Likewise, this summer, I’ve encountered multiple references to the collage art form, in which various disjointed visual images are assembled together to yield a new artwork. I have read several references about and examples of the “collage essay,” in which disparate pieces are combined to form a cohesive composition of creative non-fiction, in an approach that has appealed to me long before I learned its name.
Moreover, what ultimately catalyzed this piece– via the process of moving from random notes to poem, and from poem to prose– was a association with chemistry. As with anything involving combination, the parallels between the formation of compounds from their component elements are always interesting to consider (and worth several more essays on their own!). For the purposes of this specific blog entry, though, I was struck earlier this summer by a thought-provoking quote from renowned chemist Roald Hoffmann, writing about the scientific communication process.

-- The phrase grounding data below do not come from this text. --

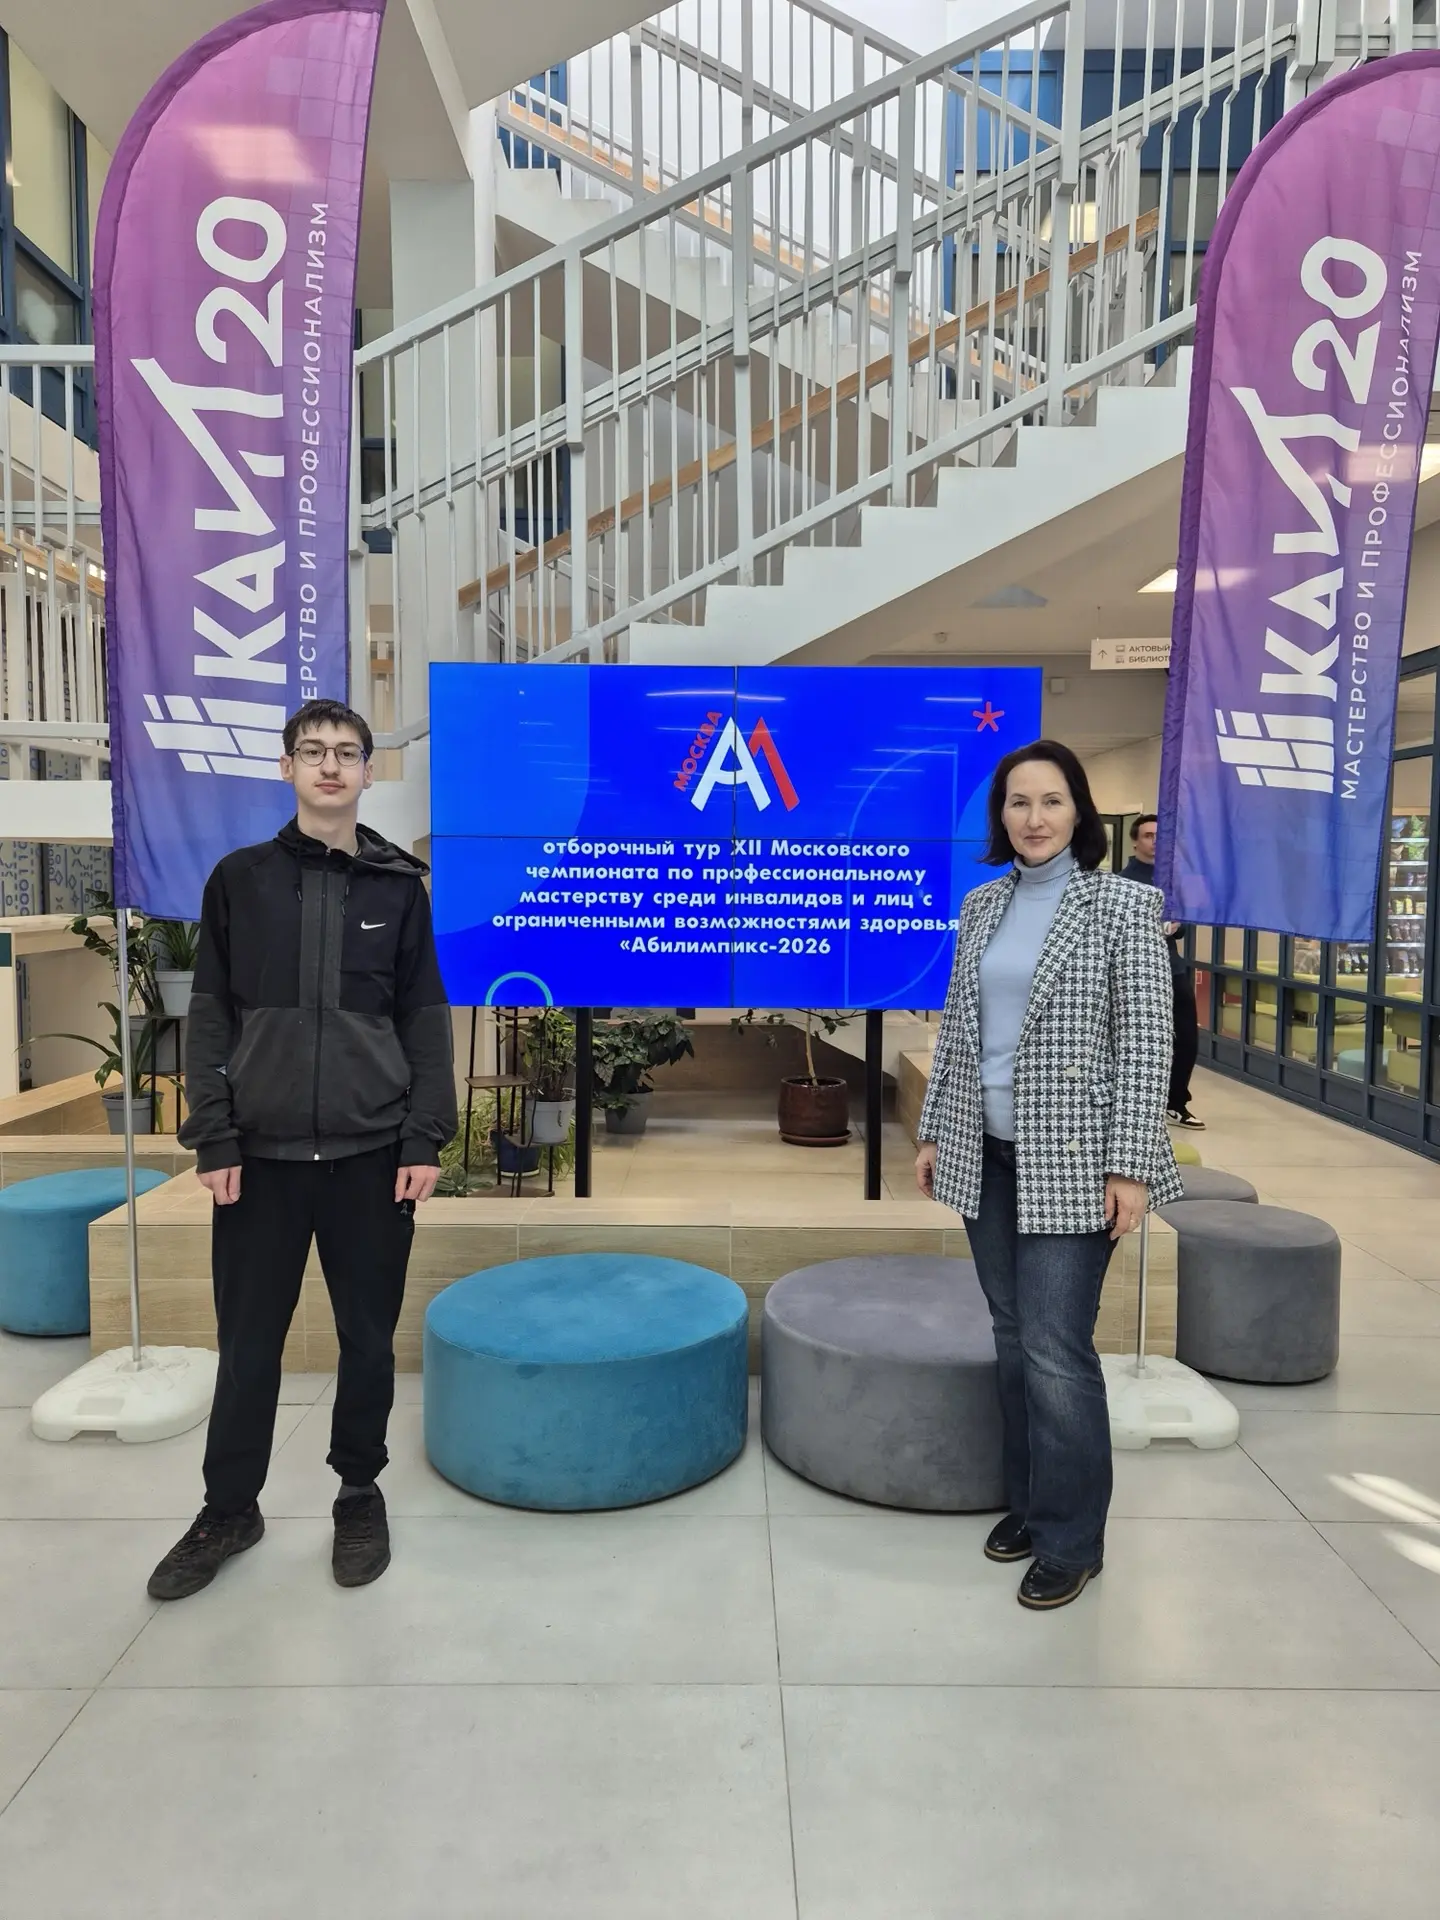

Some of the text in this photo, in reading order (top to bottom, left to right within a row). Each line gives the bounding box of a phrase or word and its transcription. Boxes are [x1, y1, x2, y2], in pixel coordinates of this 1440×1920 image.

[299, 202, 329, 708] ЕРСТВО И ПРОФЕССИОНАЛИЗМ
[1341, 250, 1422, 799] МАСТЕРСТВО И ПРОФЕССИОНАЛИЗМ
[673, 711, 722, 792] МОСКВА
[543, 838, 675, 859] отборочный
[684, 844, 721, 860] тур
[771, 840, 910, 858] Московского
[525, 863, 926, 885] чемпионата по профессиональному
[519, 890, 933, 909] мастерству среди инвалидов и лиц с
[492, 914, 960, 934] ограниченными возможностями здоровья
[620, 937, 831, 955] «Абилимпикс-2026

Hoffman’s essay “Art in Science?” is anthologized in Roald Hoffmann on the Philosophy, Art, and Science of Chemistry. It includes some pages from one of his many published journal articles, along with the handwritten manuscript pages that preceded them, describing in each case their content and what they represent. He explains the ways in which experimental narratives and molecular sketches, along with multiple authors’ notes and explanations, combine throughout the scientific writing process, long before a set of experiments is formally typed up and recounted in a chemistry journal article:
“Articles are the stock-in-trade of the professional scientist… On the basis of these articles my work is evaluated and I make a living. That explains circumstantially… the final printed pages. What about the manuscripts…? Clearly these are collages.”

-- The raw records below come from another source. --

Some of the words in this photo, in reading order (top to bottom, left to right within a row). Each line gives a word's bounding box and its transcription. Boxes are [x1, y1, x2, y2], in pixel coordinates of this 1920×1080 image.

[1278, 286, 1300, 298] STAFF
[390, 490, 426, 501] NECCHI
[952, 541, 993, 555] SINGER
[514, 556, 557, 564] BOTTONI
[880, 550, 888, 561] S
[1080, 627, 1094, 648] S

Roald Hoffmann, “Art in Science?“
The processes by which these chemistry-centric collages spark their own new ideas follow more predictable paths, since the literature review of a journal article has many conventional rules and routines. Further, the distinction between an artist’s individual effort and a research group’s scientific collaboration is evident, as well. However, it is intriguing to note how the combinatorial record preserving these “chance encounters” is again integral to observing and perpetuating the creative process, this time in a scientific field. That was the connection that ultimately led to this particular post… and a welcome chance to remember the 2015 visit, as museums are particularly auspicious places to encounter interesting juxtapositions, across all disciplines.